GOAL OF THE EXERCISE: All of the data must be output exactly, with every picture left out.

*** MATERIAL FOR THE TASK ***

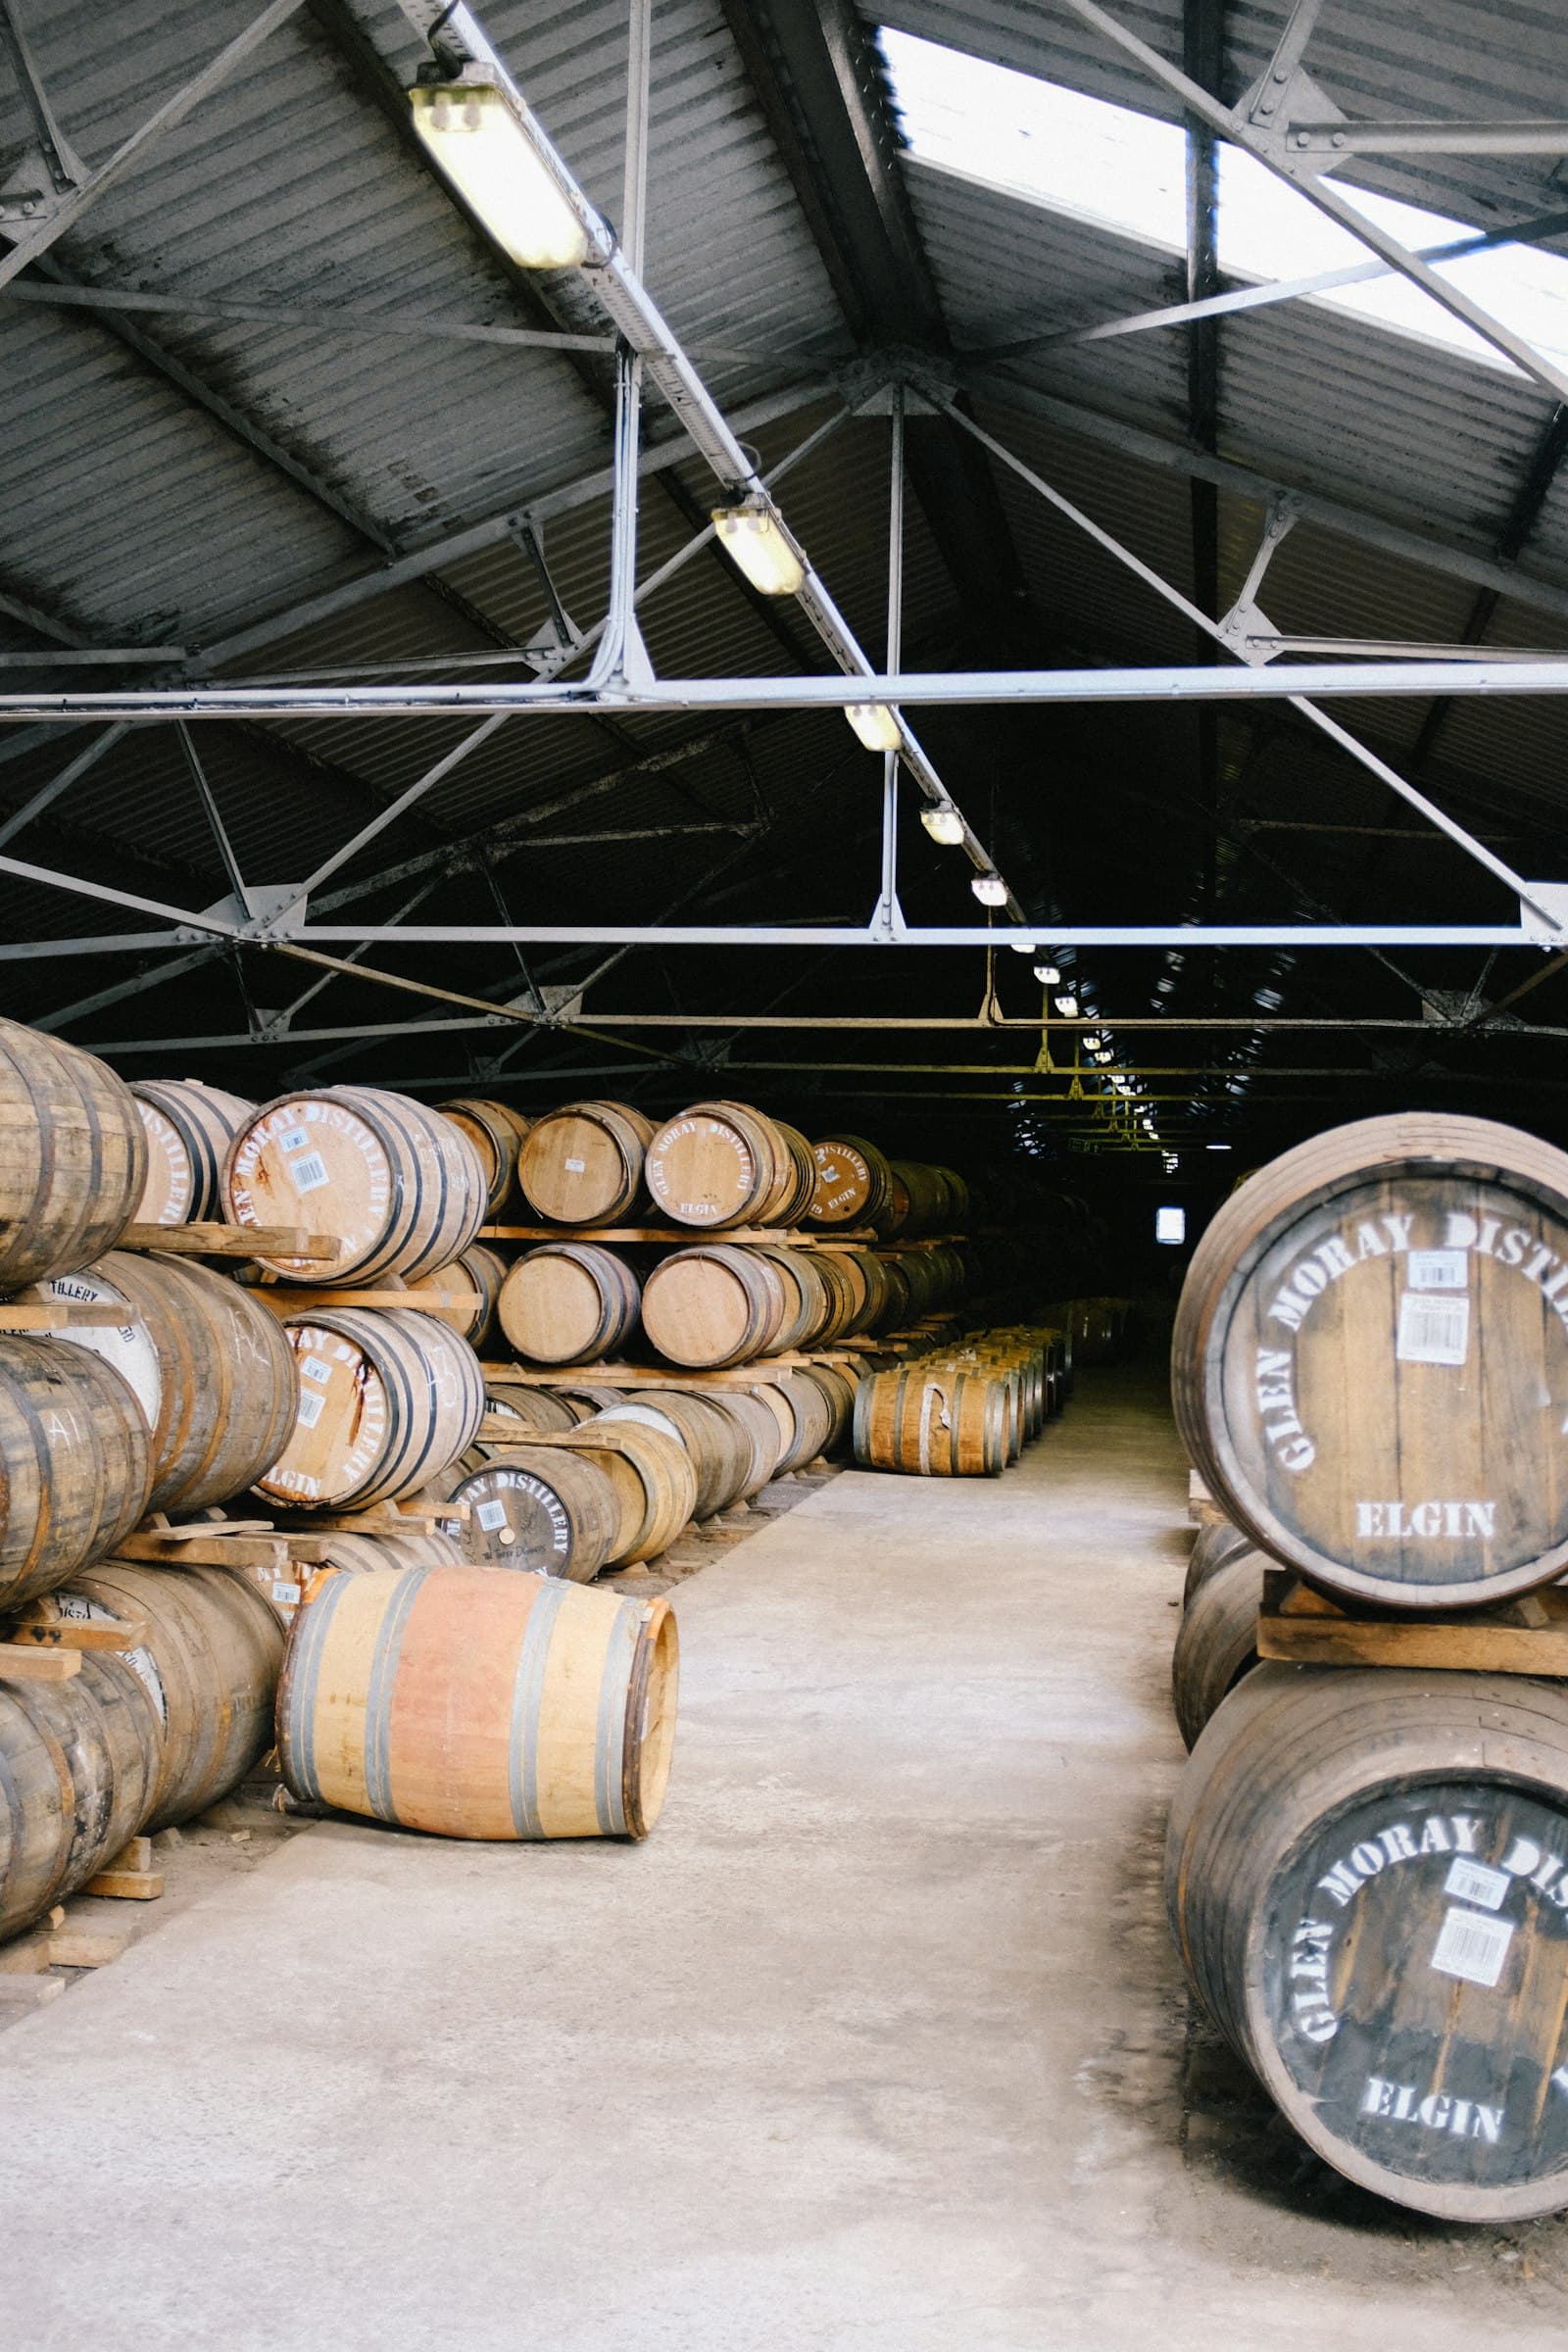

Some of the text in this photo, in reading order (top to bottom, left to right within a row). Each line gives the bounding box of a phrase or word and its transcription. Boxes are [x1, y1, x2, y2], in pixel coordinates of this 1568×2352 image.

[235, 1107, 295, 1178] MORAY
[305, 1103, 388, 1217] DISTILLERY
[680, 1201, 717, 1215] ELGIN
[826, 1187, 857, 1210] ELGIN
[1267, 1212, 1415, 1333] MORAY
[49, 1407, 82, 1454] A1
[1256, 1348, 1316, 1471] GLEN
[496, 1472, 568, 1554] DISTILLERY
[1356, 1500, 1496, 1538] ELGIN
[1290, 1917, 1341, 2043] GLEN
[1316, 1815, 1484, 1908] MORAY
[1362, 2076, 1505, 2144] ELGIN

***

ANSWER SPACE:
Some of the text in this photo, in reading order (top to bottom, left to right within a row). Each line gives the bounding box of a phrase or word and its transcription. Boxes are [x1, y1, x2, y2], in pixel coordinates of this 1568×2352 image.

[235, 1107, 295, 1178] MORAY
[305, 1103, 388, 1217] DISTILLERY
[680, 1201, 717, 1215] ELGIN
[826, 1187, 857, 1210] ELGIN
[1267, 1212, 1415, 1333] MORAY
[49, 1407, 82, 1454] A1
[1256, 1348, 1316, 1471] GLEN
[496, 1472, 568, 1554] DISTILLERY
[1356, 1500, 1496, 1538] ELGIN
[1290, 1917, 1341, 2043] GLEN
[1316, 1815, 1484, 1908] MORAY
[1362, 2076, 1505, 2144] ELGIN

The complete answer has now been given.